The Electoral Commission (EC) is undertaking sweeping reforms to enhance what it terms effective administration of elections in the country.
The reforms, which are currently being discussed at various committees are likely to lead to the merging of some constituencies, the creation of new districts and the creation of new units within the commission.
The Deputy Chairman of the Commission in charge of operations, Samuel Tettey disclosed this at an interaction with the European Union Election Observer Mission engagement today [Friday].
According to Mr. Tettey, the EC will also create separate Legal and Procurement entities to handle the Commission’s internal affairs.
“We also undertook some demarcation exercise in relation to creation of more electoral areas.

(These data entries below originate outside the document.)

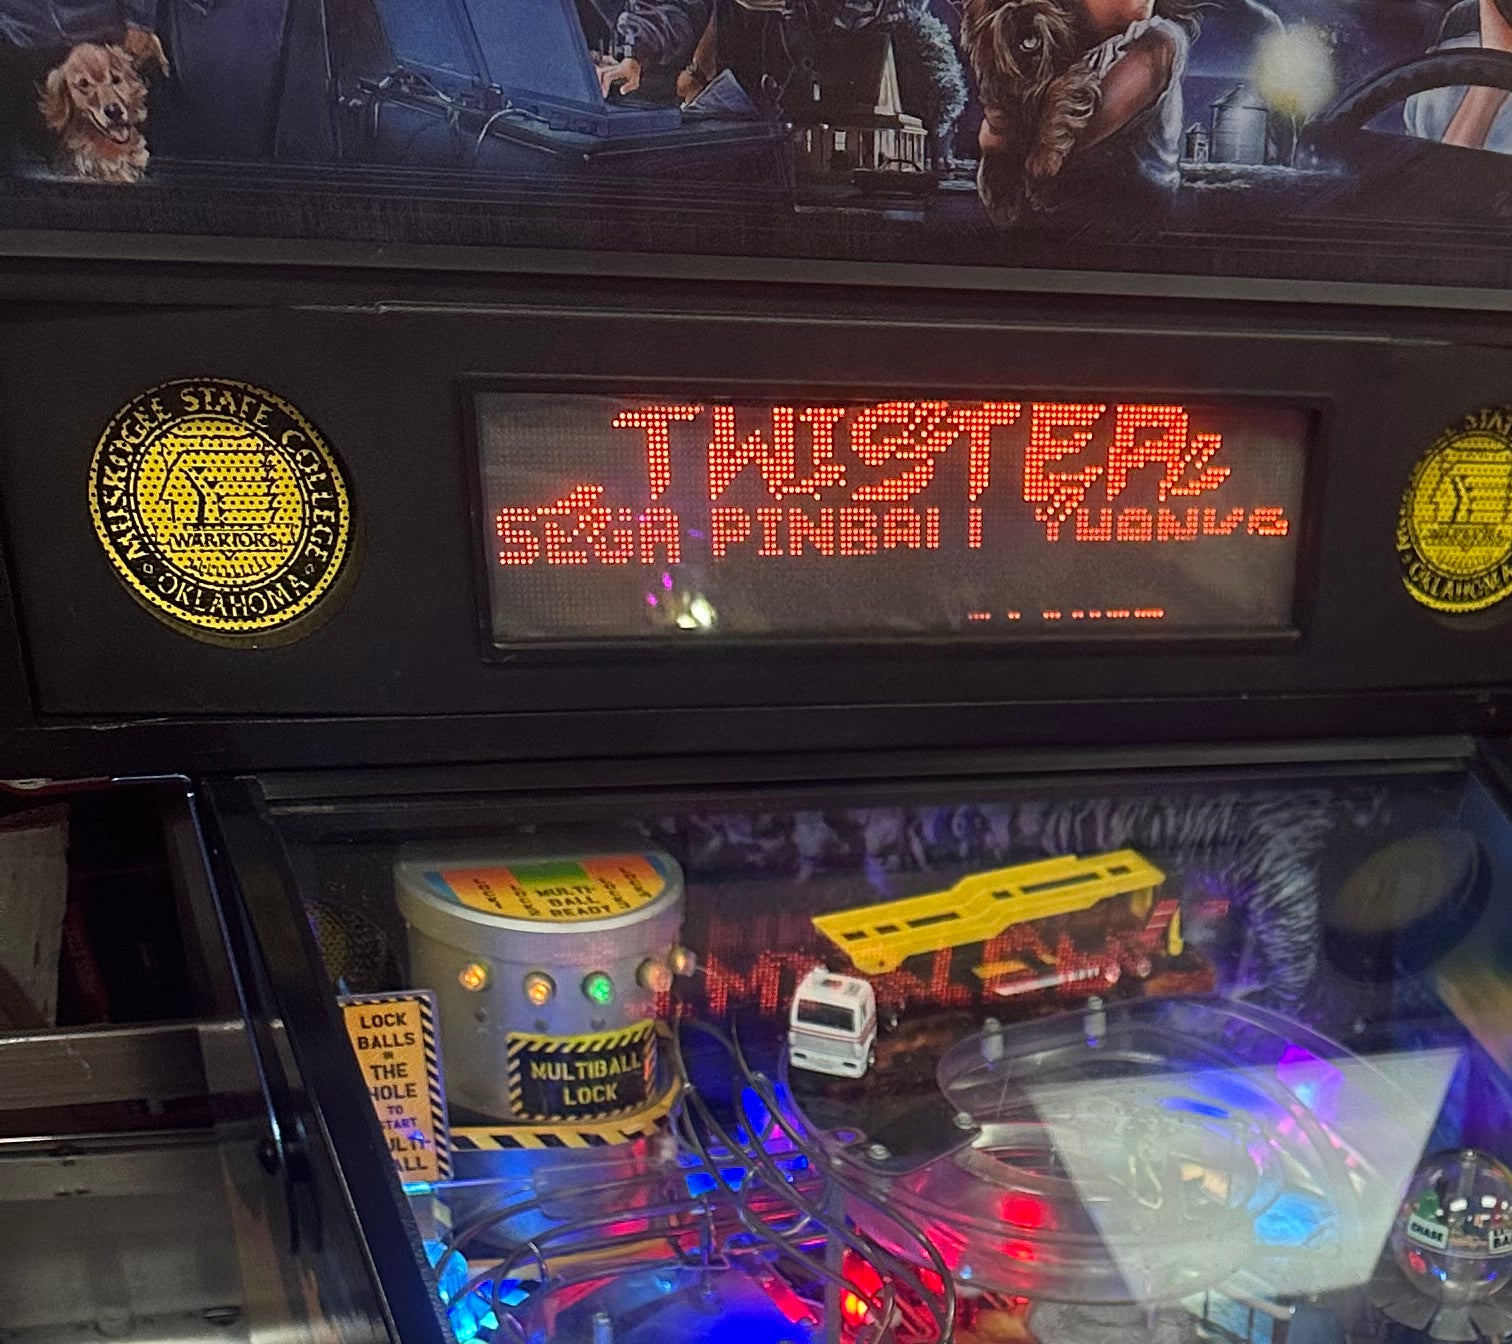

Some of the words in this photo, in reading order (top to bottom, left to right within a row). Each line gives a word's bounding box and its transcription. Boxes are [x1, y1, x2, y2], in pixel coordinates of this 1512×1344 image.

[101, 396, 172, 561] MUSKOGEE
[180, 387, 273, 428] STATE
[281, 429, 336, 563] COLLEGE
[157, 572, 310, 618] OKLAHOMA
[359, 1012, 407, 1029] LOCK
[358, 1032, 415, 1050] BALLS
[370, 1062, 410, 1080] THE
[530, 1051, 641, 1081] MULTIBALL
[563, 1083, 619, 1106] LOCK
[386, 1105, 404, 1117] TO
[1410, 1222, 1443, 1243] CHASE

Unfortunately, the Commission received a lot of petitions on the creation of the new electoral areas – petitions from MPs, petitons from district chief executives, opinion leaders and the Commission thought that we could not afford to sweep all these petitions under the carpet and for that matter, the committee has been set up to look into these challenges.”
“What we did was that there were some districts, especially some of the newly created ones which had three or four electoral areas so working within the Assembly will be difficult because of the committees so all districts with less than ten electoral areas will give them the opportunity to increase the number of electoral areas so the committees and assemblies can work effectively. We are looking at the issue of review of the constituencies. It cannot only be centered on increasing but rather depending on what the Committee recommended, it is likely some constituencies may be collapsed.”

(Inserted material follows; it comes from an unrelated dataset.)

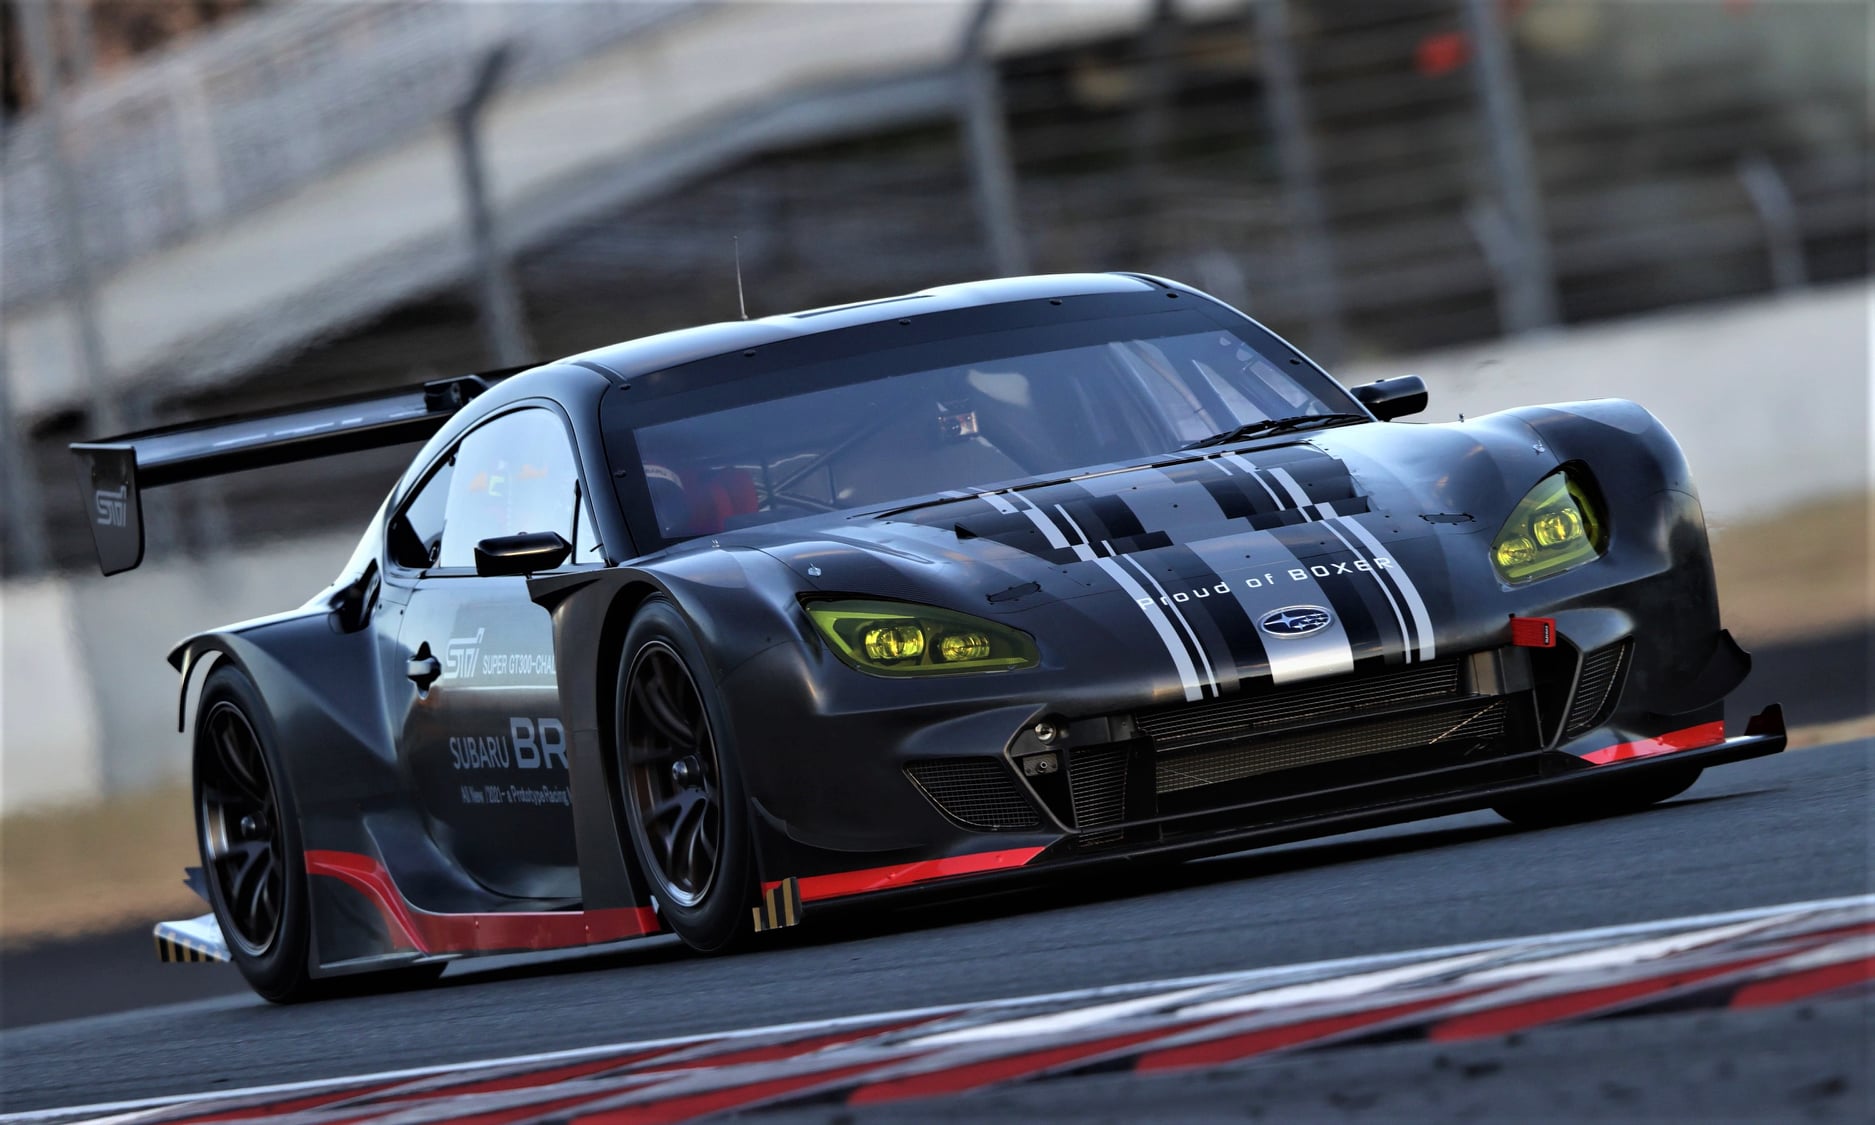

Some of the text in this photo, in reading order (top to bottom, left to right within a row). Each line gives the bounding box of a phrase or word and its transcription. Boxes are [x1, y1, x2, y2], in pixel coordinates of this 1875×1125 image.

[1137, 556, 1395, 611] Proud of BOXER
[482, 654, 508, 675] SUPER
[450, 717, 569, 770] SUBARU BR

The Paramount chiefs of Lolobi and Akpafu Traditional areas recently sued the EC over what they termed as “unlawful deletion” of their areas from the Hohoe Municipality.
According to Nana Akoto Masakyi III and Nana Tetteh- Attu IV, the EC in laying the Districts Electoral Areas and Designation of Units Regulations, 2019 before Parliament placed Lolobi and Akpafu under a newly created Jasikan district contrary to the 1992 constitution and Local Governance Act 2016.
They argued that the Electoral Commission has no power to create districts.
The chiefs also asked the tribunal to restrain the EC from forcibly removing Lolobi and Akpafu traditional areas from the Hohoe Municipality.
“The defendant’s action of placing Lolobi and Akpafu under the new Jasikan District is in bad faith because it is calculated to undermine steps being taken by the chiefs and people of Akpafu and Lolobi traditional areas to reverse their unlawful inclusion in the Oti Region.”
“The defendant is also aware of the fact that the chiefs and people of Lolobi and Akpafu did not petition the President/Commission to be included in the new region. On the contrary, the chiefs and people of Akpafu have consistently maintained (since 1945) that they did not want to be part of the Jasikan/Buem District or Constituency nor Oti Region,” they argued in their writ.